The problem => The answer is the data below, repeated exactly, with no pictures included.

Dataset excerpts

──────

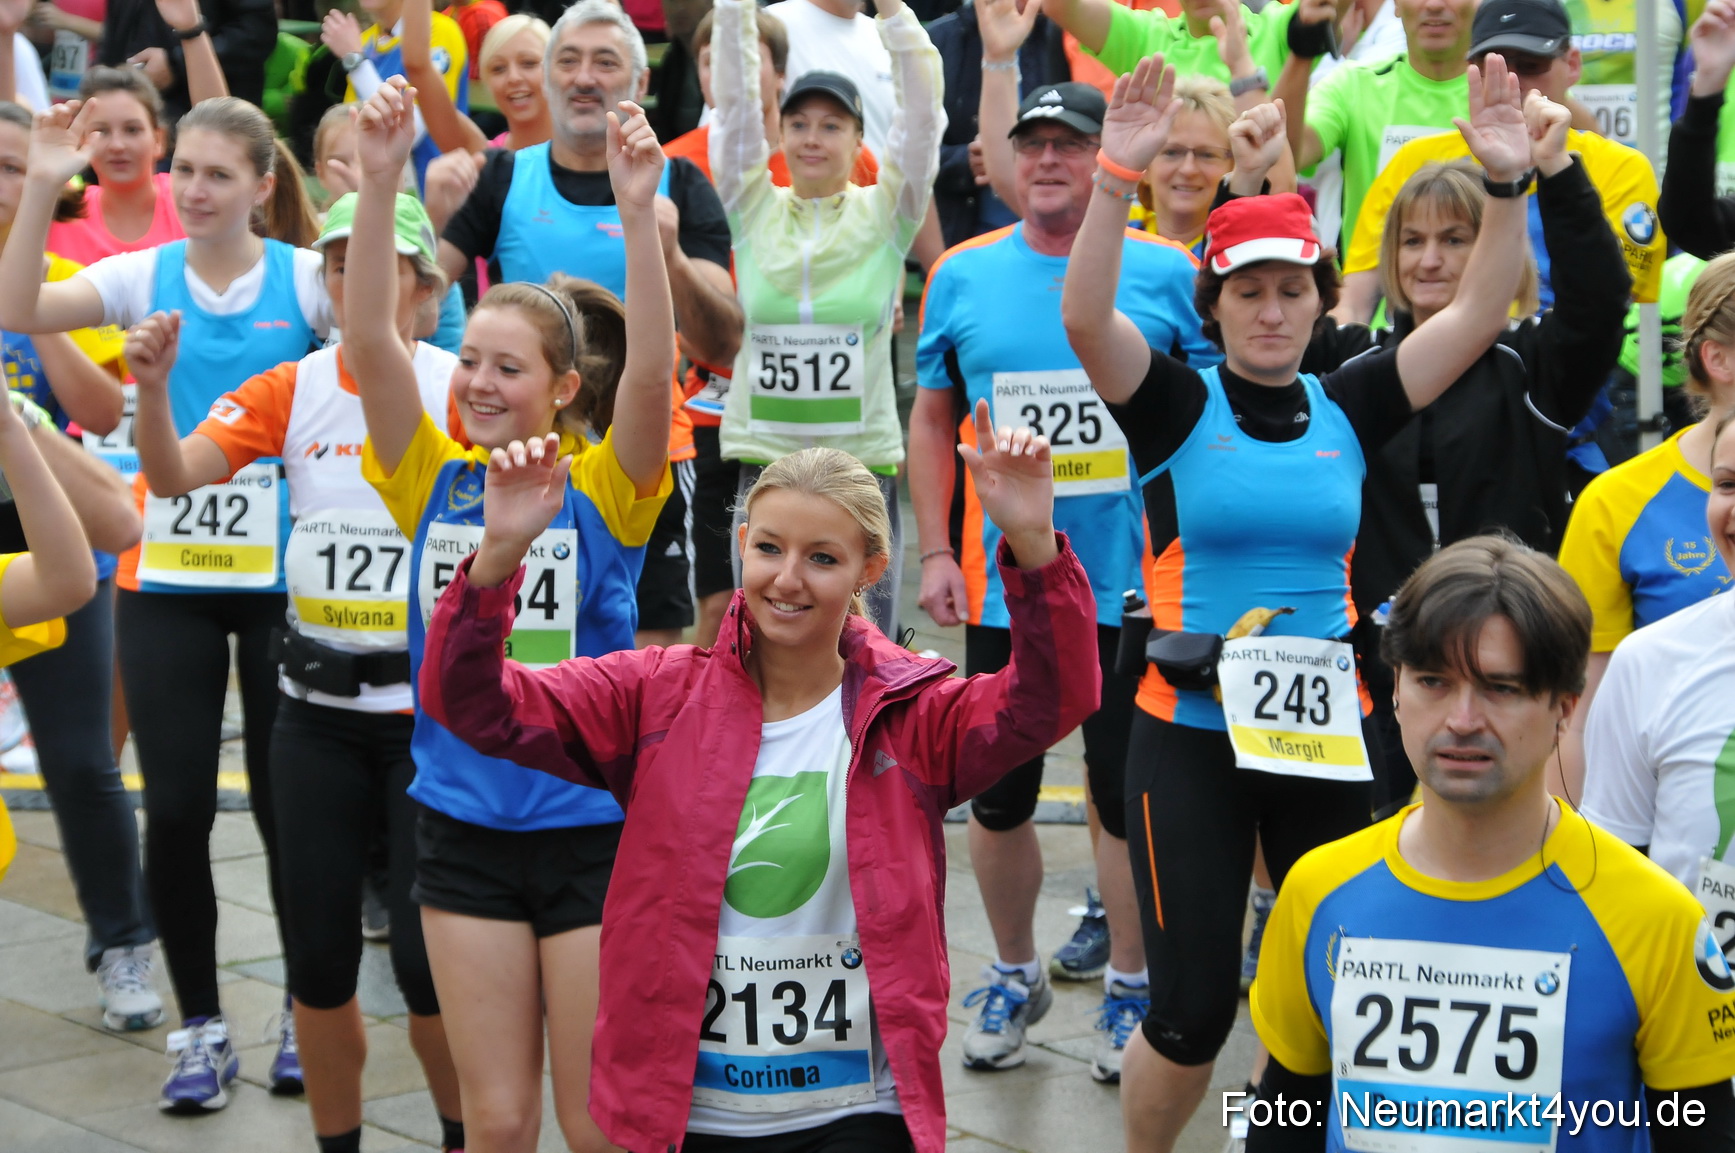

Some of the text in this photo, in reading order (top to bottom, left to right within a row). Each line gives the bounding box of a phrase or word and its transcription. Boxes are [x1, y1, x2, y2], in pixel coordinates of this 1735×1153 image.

[752, 333, 840, 345] PARTL Neumarkt
[759, 352, 851, 392] 5512
[996, 382, 1094, 396] PARTL Neumar
[1021, 401, 1101, 446] 325
[170, 492, 249, 537] 242
[340, 523, 403, 538] Neumark
[426, 537, 464, 554] PARTL
[1677, 550, 1707, 560] Jahre
[1683, 541, 1697, 549] 15
[181, 549, 233, 568] Corina
[316, 541, 404, 592] 127
[323, 604, 395, 628] Sylvana
[1221, 649, 1332, 668] PARTL Neumarkt
[1253, 669, 1331, 726] 243
[1268, 736, 1326, 761] Margit
[1702, 876, 1735, 900] PAR
[741, 953, 833, 972] Neumarkt
[1342, 960, 1524, 991] PARTL Neumarkt
[700, 979, 852, 1046] 2134
[1353, 993, 1539, 1081] 2575
[724, 1063, 821, 1089] Corina

──────

Solution for this exercise =>
Some of the text in this photo, in reading order (top to bottom, left to right within a row). Each line gives the bounding box of a phrase or word and its transcription. Boxes are [x1, y1, x2, y2], in pixel coordinates of this 1735×1153 image.

[752, 333, 840, 345] PARTL Neumarkt
[759, 352, 851, 392] 5512
[996, 382, 1094, 396] PARTL Neumar
[1021, 401, 1101, 446] 325
[170, 492, 249, 537] 242
[340, 523, 403, 538] Neumark
[426, 537, 464, 554] PARTL
[1677, 550, 1707, 560] Jahre
[1683, 541, 1697, 549] 15
[181, 549, 233, 568] Corina
[316, 541, 404, 592] 127
[323, 604, 395, 628] Sylvana
[1221, 649, 1332, 668] PARTL Neumarkt
[1253, 669, 1331, 726] 243
[1268, 736, 1326, 761] Margit
[1702, 876, 1735, 900] PAR
[741, 953, 833, 972] Neumarkt
[1342, 960, 1524, 991] PARTL Neumarkt
[700, 979, 852, 1046] 2134
[1353, 993, 1539, 1081] 2575
[724, 1063, 821, 1089] Corina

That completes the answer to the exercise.